I hope you like them!
Divi Design Showcase: New Submissions from October 2021
1. Male Health Scotland
This site was submitted by: Michael Kavanagh. This one uses blue and red for the branded colors along with simplified hand-drawn graphics. Many of the backgrounds include angled dividers. Two backgrounds include graphics that stand out from the foreground. They include an overlay or parallax with CTAs that work well with the design. The blurbs are designed well. They’re in a different shade of blue to stand out and include red graphics. They spin around to reveal information on hover. I like the blog slider. It displays posts with the same blue background as the blurbs and displays the featured image with an angled border. I especially like the blog page design. It uses the design elements from the home page and adds breadcrumbs and quotes.
2. Cyber Routing
This site was submitted by: Samant Jaitli. This one uses orange and blue highlights throughout the site as the branded colors. Orange is the prominent color and appears within the graphics, text, blurbs, icons, buttons, and more. I especially like the pricing table that compares several plans and includes icons, buttons, and text with backgrounds. The pricing table overlaps three sections. A few of the sections include a styled pattern. The blue sections work well with the orange branded color and include the sticky menu and several backgrounds. The blog page is especially interesting with a magazine design and special styling for the featured images and blog posts.
3. Solar Studios
This site was submitted by: Gergő Fráter. This one makes interesting use of gradients for the buttons and icons. Some of the titles and text also include gradients.

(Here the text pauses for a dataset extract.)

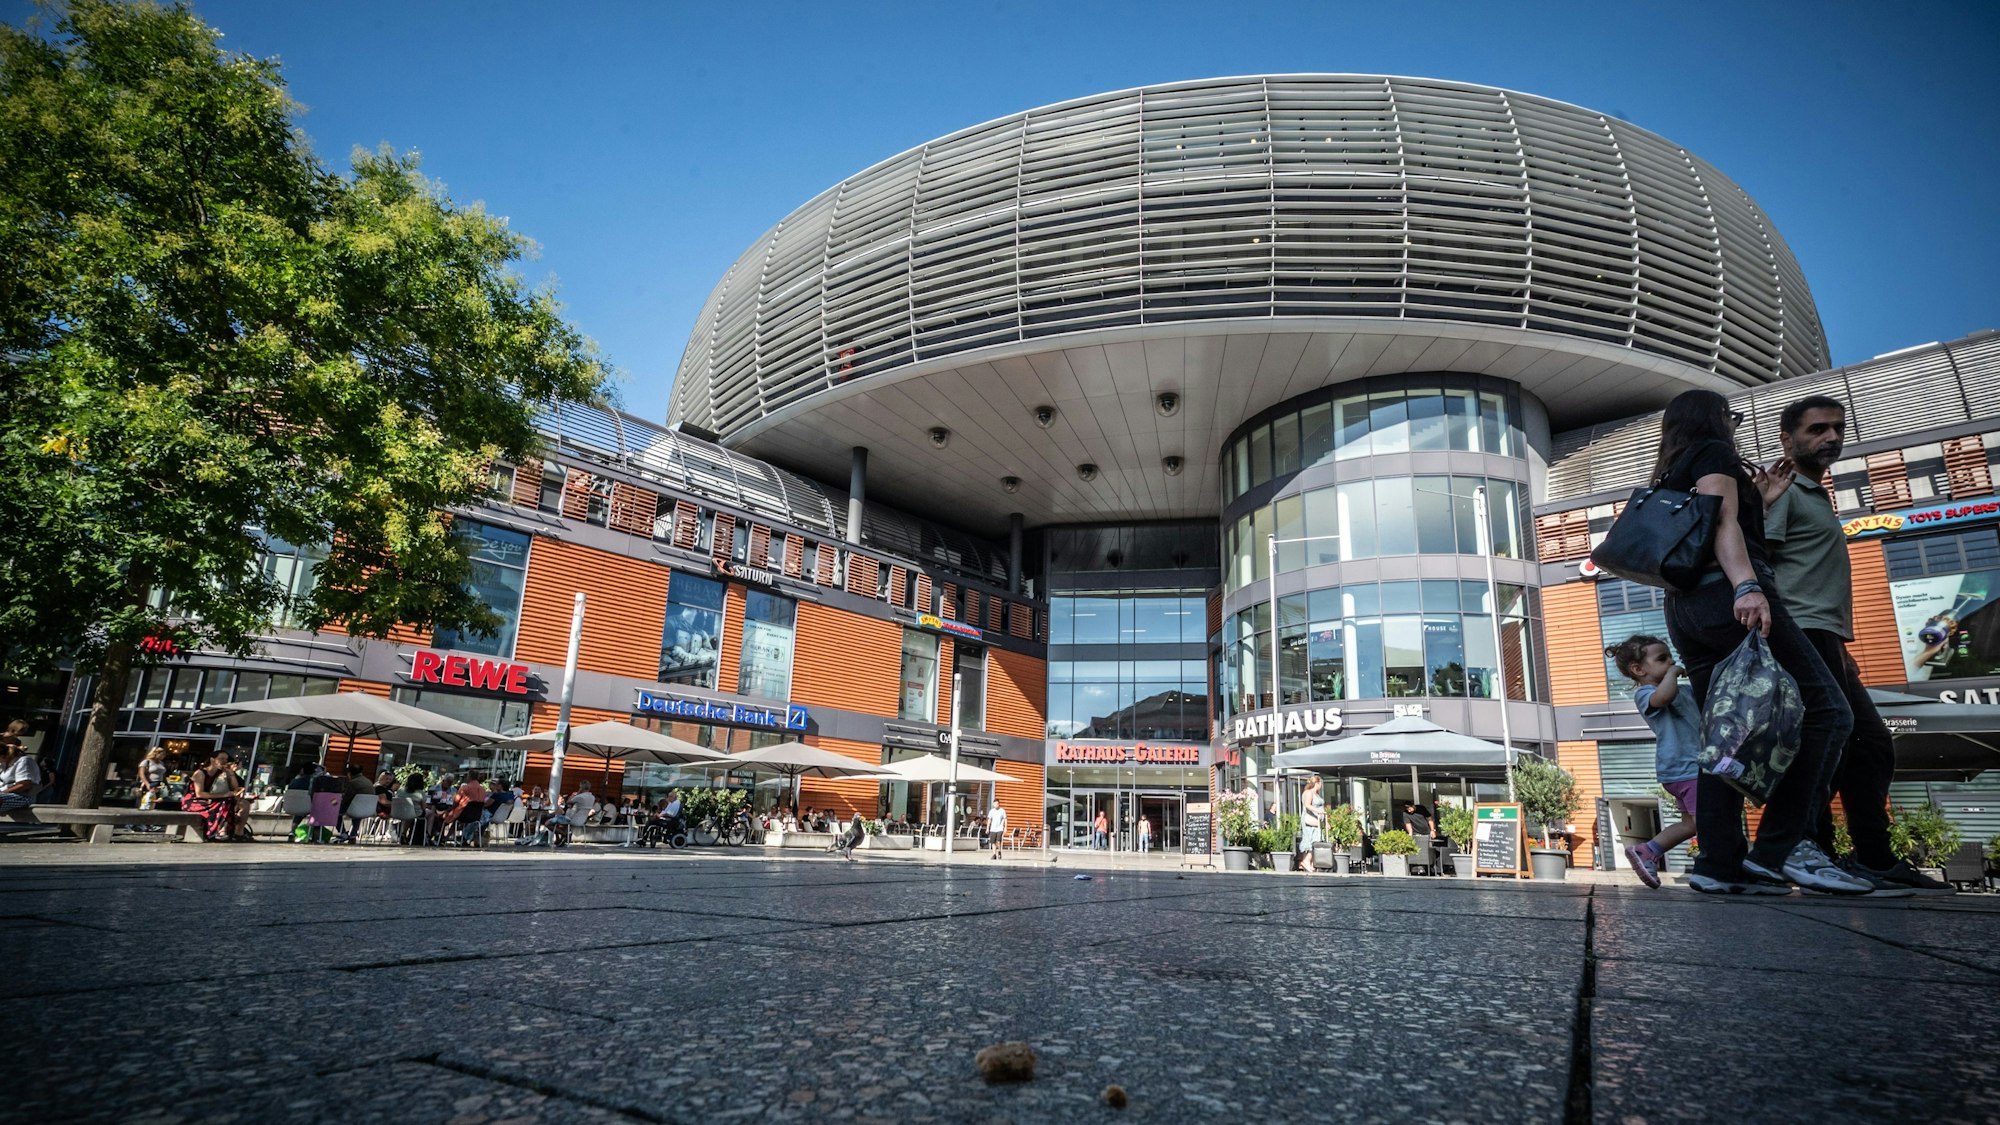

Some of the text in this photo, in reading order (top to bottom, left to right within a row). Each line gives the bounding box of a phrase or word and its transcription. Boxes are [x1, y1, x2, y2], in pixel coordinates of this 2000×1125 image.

They stand out well from the backgrounds and draw attention. I especially like the blurbs. They include large cards with white backgrounds. Large icons sit in the upper left corner. Small text works as a tagline. They also include large titles, descriptions, and colored links. The icons are particularly interesting. They have two icons that overlap. A large icon appears in black and a smaller icon becomes part of the larger icon and includes the gradient. It also includes a styled navigation bar. This site also makes good use of a testimonial and logo sliders.
4. Health Fund 4 Children
This site was submitted by: Bainie Brunson. This site displays colors and graphics that work perfectly with the target audience. Bright green and orange work as the branded colors with a mix of blue and purple in the backgrounds. The section dividers are large clouds. Many of the images have graphics over them that becomes part of the image. I like the large CTAs with alternating layouts. The hero section is interesting. It displays an image to one side with a CTA on the other without blending the two. I also like the blog design. It includes the same hero design and places posts in large cards. The posts themselves include full-width featured images with the clouds for dividers.
5. TimeSolv
This site was submitted by: Naqash Saqib. This one uses a clean layout with graphics and several shades of blue for highlights to appeal to the target audience. The hero section displays a CTA on one side and a graphic on the other that includes an embedded video. A similar graphic is used between blurbs that create bullets. Testimonials are interesting. Rather than quotes, it has several embedded videos from users. I also like the mega menu design. It displays clean text in multiple columns. Many of the sections include sharply angled dividers.
6. Vector Ground
This site was submitted by: Savious Elton. This one makes excellent use of color. It also includes an interesting layout. The hero section displays a background with swirled colors. The foreground displays a tagline with a CTA. Large blurbs in the next section overlap the hero section at the bottom. These blurbs include bold gradients in their backgrounds. Their foregrounds include large icons, bullet points, and clickable icons to read more. Following this is a testimonial slider and a CTA, and then the footer. These two sections are overlapped with a CTA in a bright red that stands out. The menu also includes a gradient line to separate it from the page. I also like the page with examples of work. Images are displayed in cards with borders that appear on hover.
See you next month!
That’s our collection of the best Divi community website submissions for the month of October. These sites look amazing and as always we want to thank everyone for your submissions!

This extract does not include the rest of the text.